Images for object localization
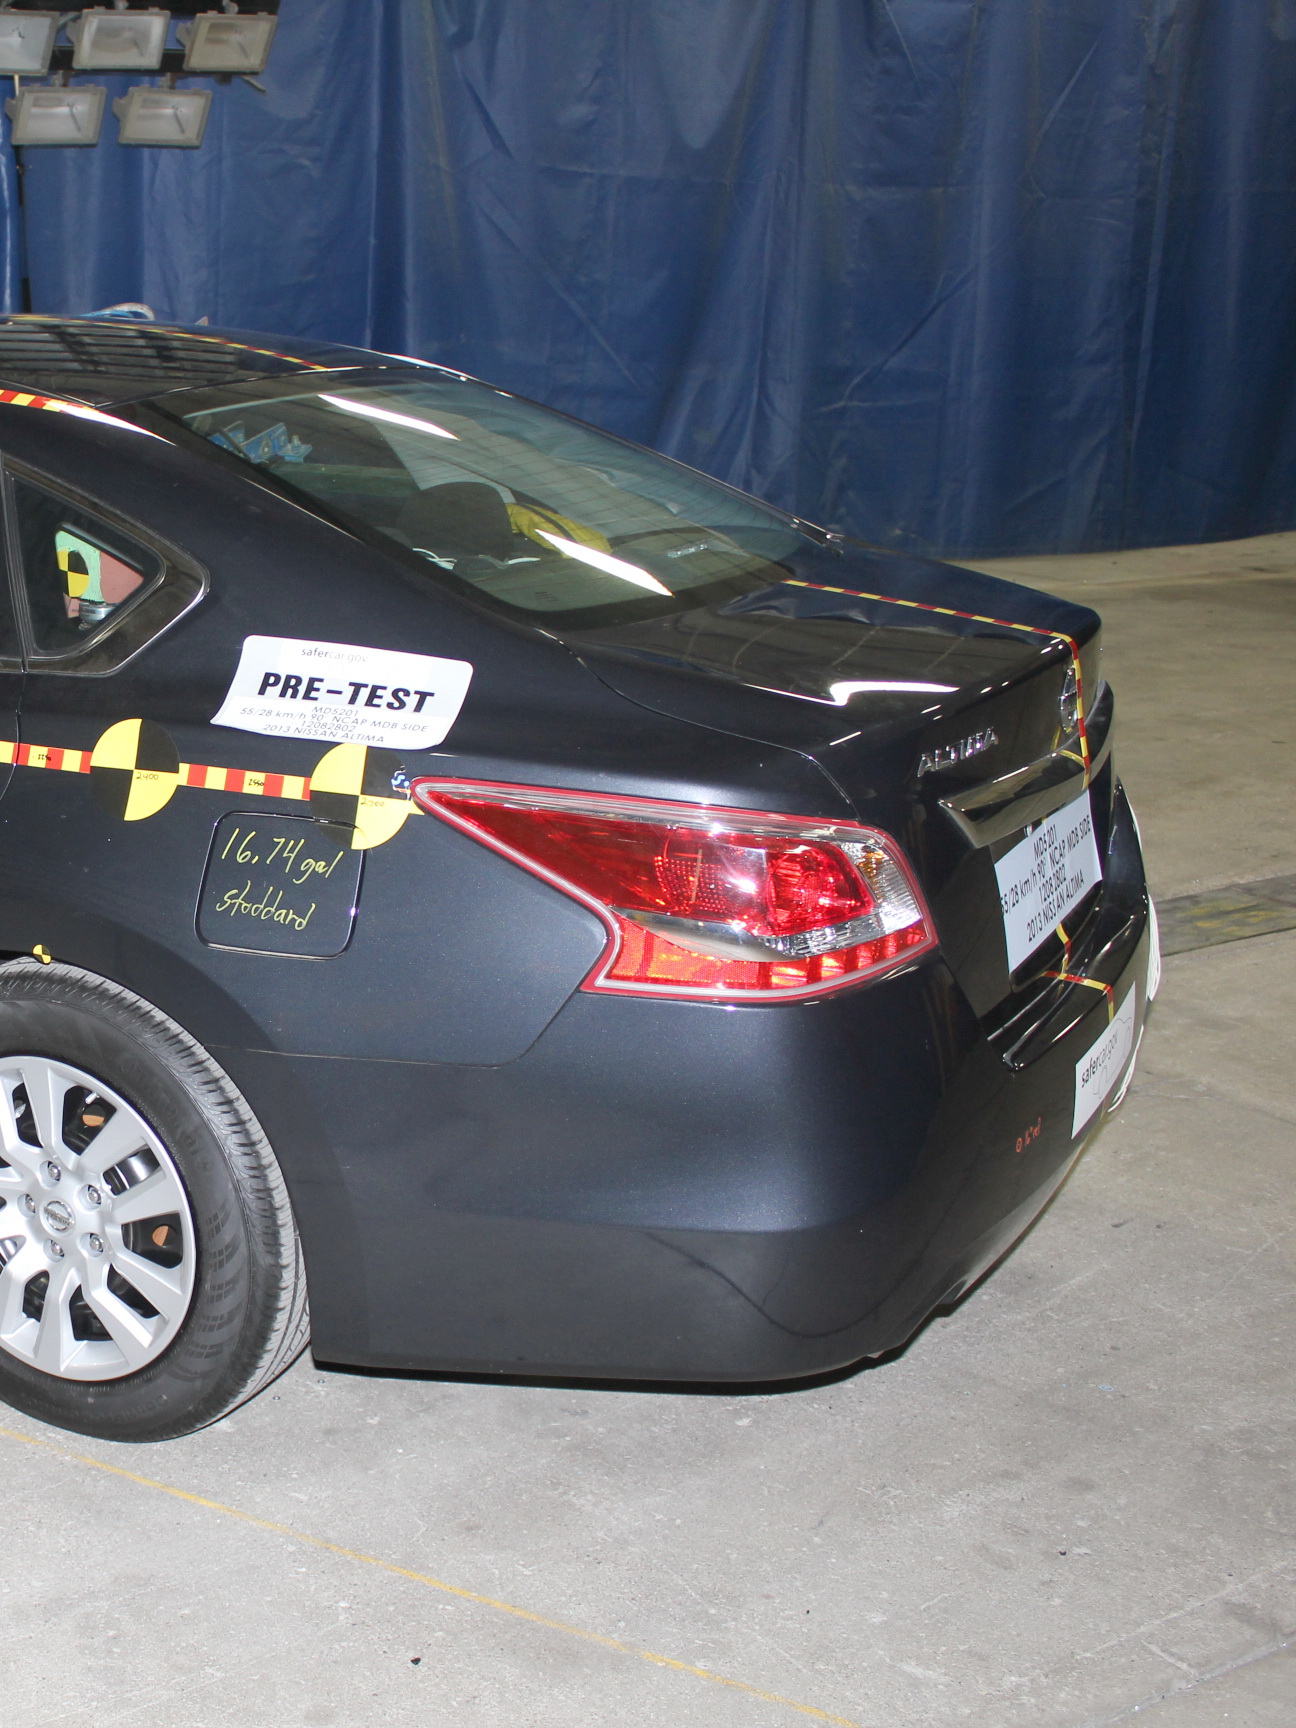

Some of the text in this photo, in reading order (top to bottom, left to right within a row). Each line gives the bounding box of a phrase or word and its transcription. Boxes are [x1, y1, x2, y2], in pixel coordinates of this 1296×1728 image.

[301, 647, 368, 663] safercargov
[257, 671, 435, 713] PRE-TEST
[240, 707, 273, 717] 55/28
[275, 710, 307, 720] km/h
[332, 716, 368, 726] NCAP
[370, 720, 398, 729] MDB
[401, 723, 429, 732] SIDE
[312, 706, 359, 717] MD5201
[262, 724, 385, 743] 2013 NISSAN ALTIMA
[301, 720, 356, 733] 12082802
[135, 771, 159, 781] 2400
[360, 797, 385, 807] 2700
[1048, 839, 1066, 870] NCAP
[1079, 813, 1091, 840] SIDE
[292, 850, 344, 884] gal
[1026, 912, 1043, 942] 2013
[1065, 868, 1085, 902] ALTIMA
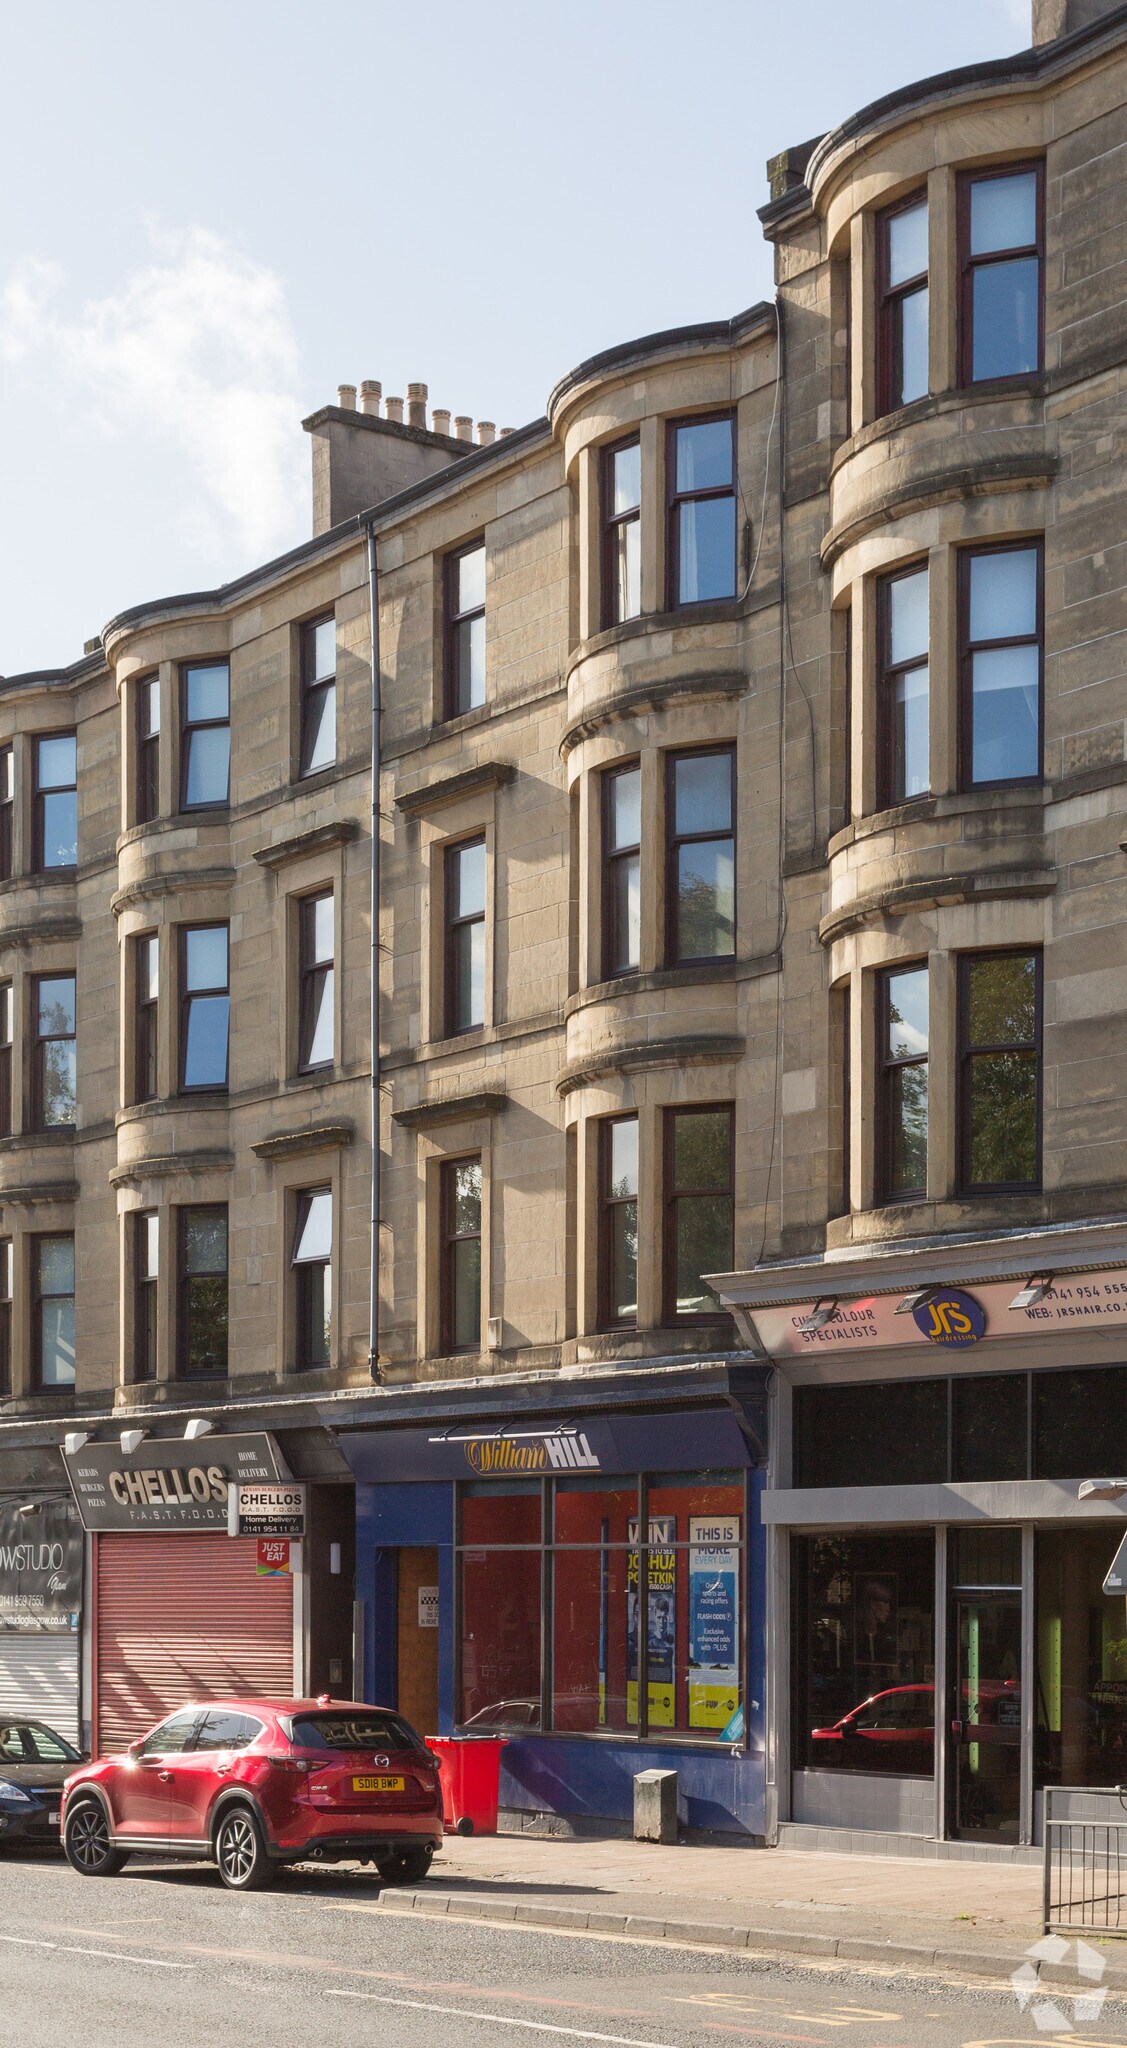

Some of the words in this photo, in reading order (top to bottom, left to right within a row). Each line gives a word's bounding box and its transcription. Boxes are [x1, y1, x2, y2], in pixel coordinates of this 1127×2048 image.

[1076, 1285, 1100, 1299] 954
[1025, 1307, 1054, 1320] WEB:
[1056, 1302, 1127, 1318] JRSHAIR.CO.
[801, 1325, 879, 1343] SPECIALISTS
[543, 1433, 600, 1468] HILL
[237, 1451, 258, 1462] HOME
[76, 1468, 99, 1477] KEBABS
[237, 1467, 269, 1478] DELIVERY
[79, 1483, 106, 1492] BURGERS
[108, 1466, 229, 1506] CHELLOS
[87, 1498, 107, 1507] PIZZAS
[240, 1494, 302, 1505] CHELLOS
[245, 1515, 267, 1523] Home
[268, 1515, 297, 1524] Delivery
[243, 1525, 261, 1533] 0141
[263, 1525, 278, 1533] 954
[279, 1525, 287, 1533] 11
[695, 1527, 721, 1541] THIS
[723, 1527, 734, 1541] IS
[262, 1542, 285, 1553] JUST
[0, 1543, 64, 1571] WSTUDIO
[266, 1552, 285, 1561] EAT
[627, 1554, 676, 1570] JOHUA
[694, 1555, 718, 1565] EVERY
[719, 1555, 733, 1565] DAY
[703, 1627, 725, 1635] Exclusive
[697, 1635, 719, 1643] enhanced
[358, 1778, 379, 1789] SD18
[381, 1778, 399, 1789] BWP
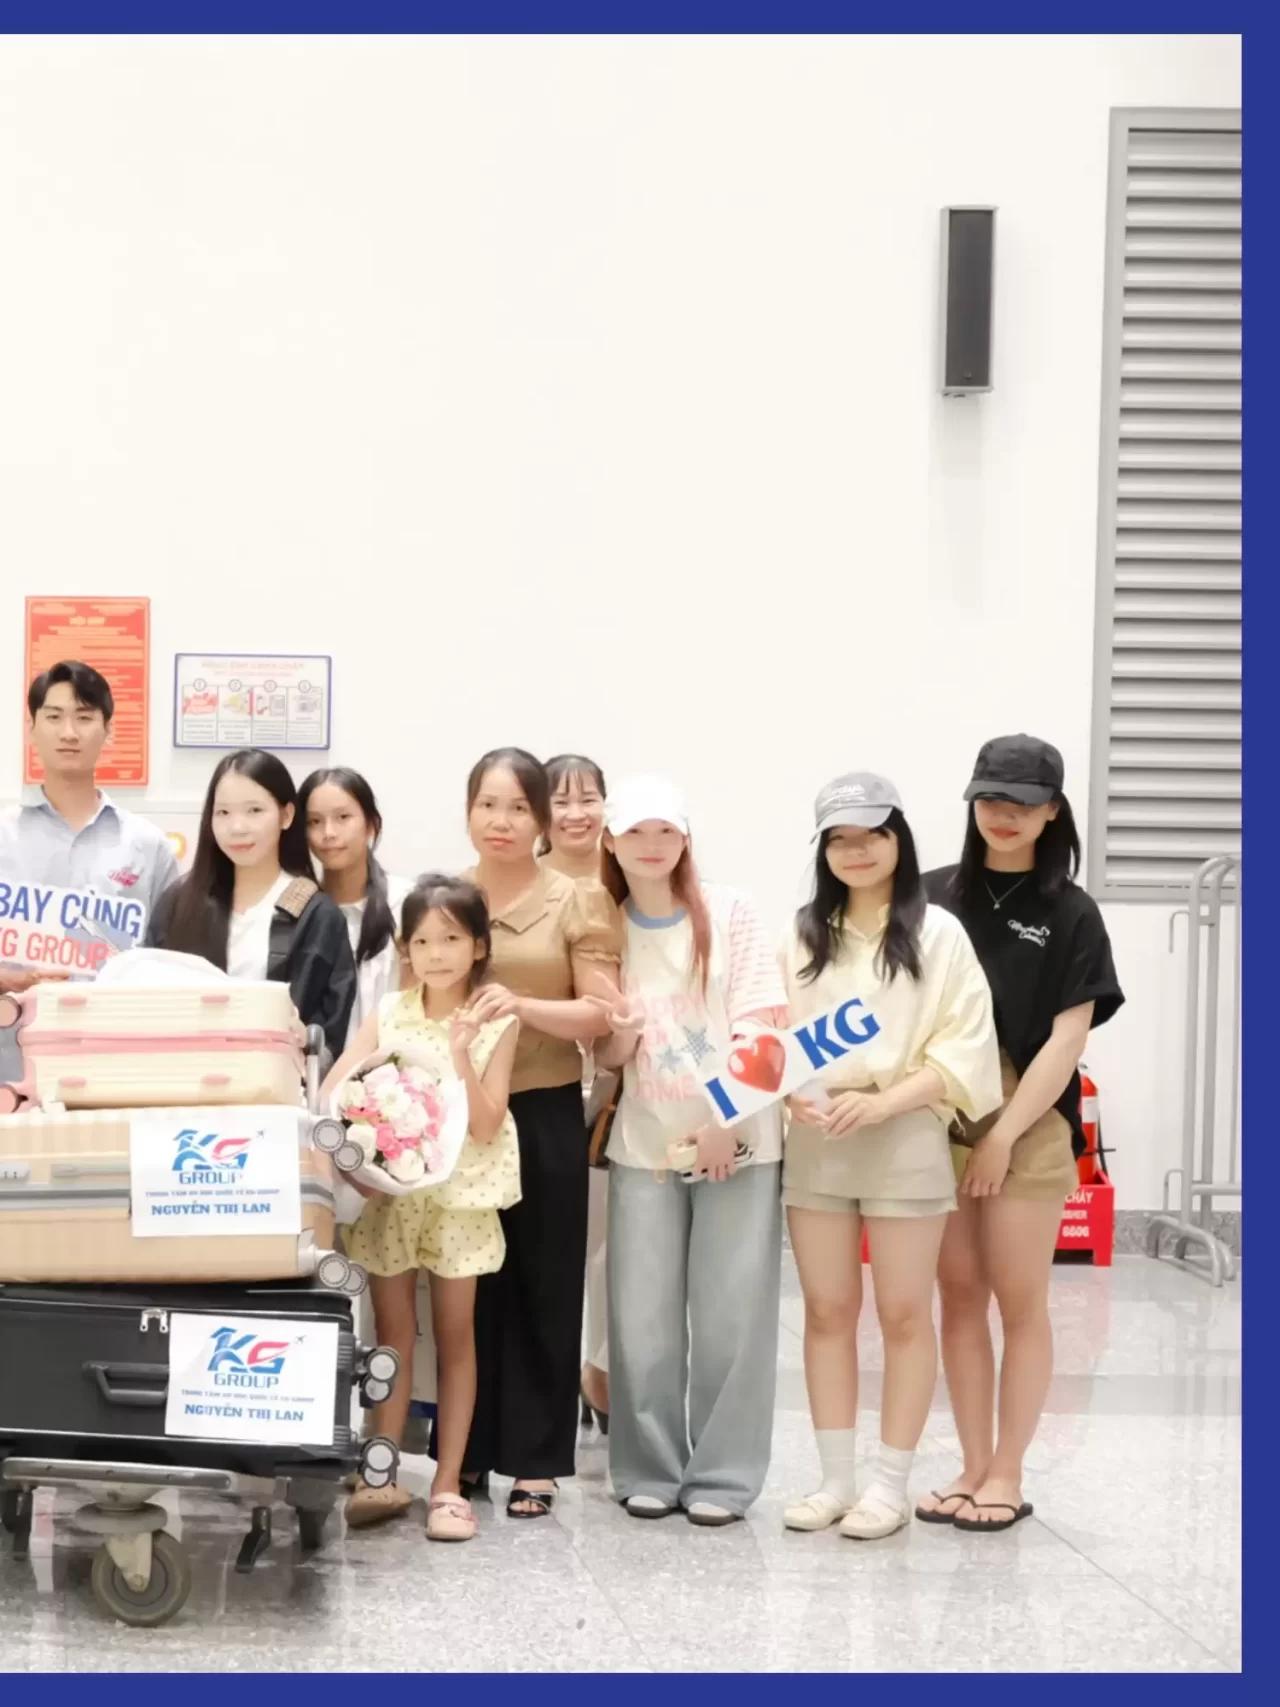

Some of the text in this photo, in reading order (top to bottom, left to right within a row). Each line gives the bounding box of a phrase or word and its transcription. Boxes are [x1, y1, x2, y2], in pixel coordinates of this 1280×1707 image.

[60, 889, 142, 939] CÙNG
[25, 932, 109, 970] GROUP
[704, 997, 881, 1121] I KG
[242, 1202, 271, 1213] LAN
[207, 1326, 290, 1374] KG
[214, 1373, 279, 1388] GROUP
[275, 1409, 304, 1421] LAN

__Exercise requirements__: Set down exactly what runs from the line containing "this 1280×1707 image." through the last line above, both lines included.

__Your solution__:
Some of the text in this photo, in reading order (top to bottom, left to right within a row). Each line gives the bounding box of a phrase or word and its transcription. Boxes are [x1, y1, x2, y2], in pixel coordinates of this 1280×1707 image.

[60, 889, 142, 939] CÙNG
[25, 932, 109, 970] GROUP
[704, 997, 881, 1121] I KG
[242, 1202, 271, 1213] LAN
[207, 1326, 290, 1374] KG
[214, 1373, 279, 1388] GROUP
[275, 1409, 304, 1421] LAN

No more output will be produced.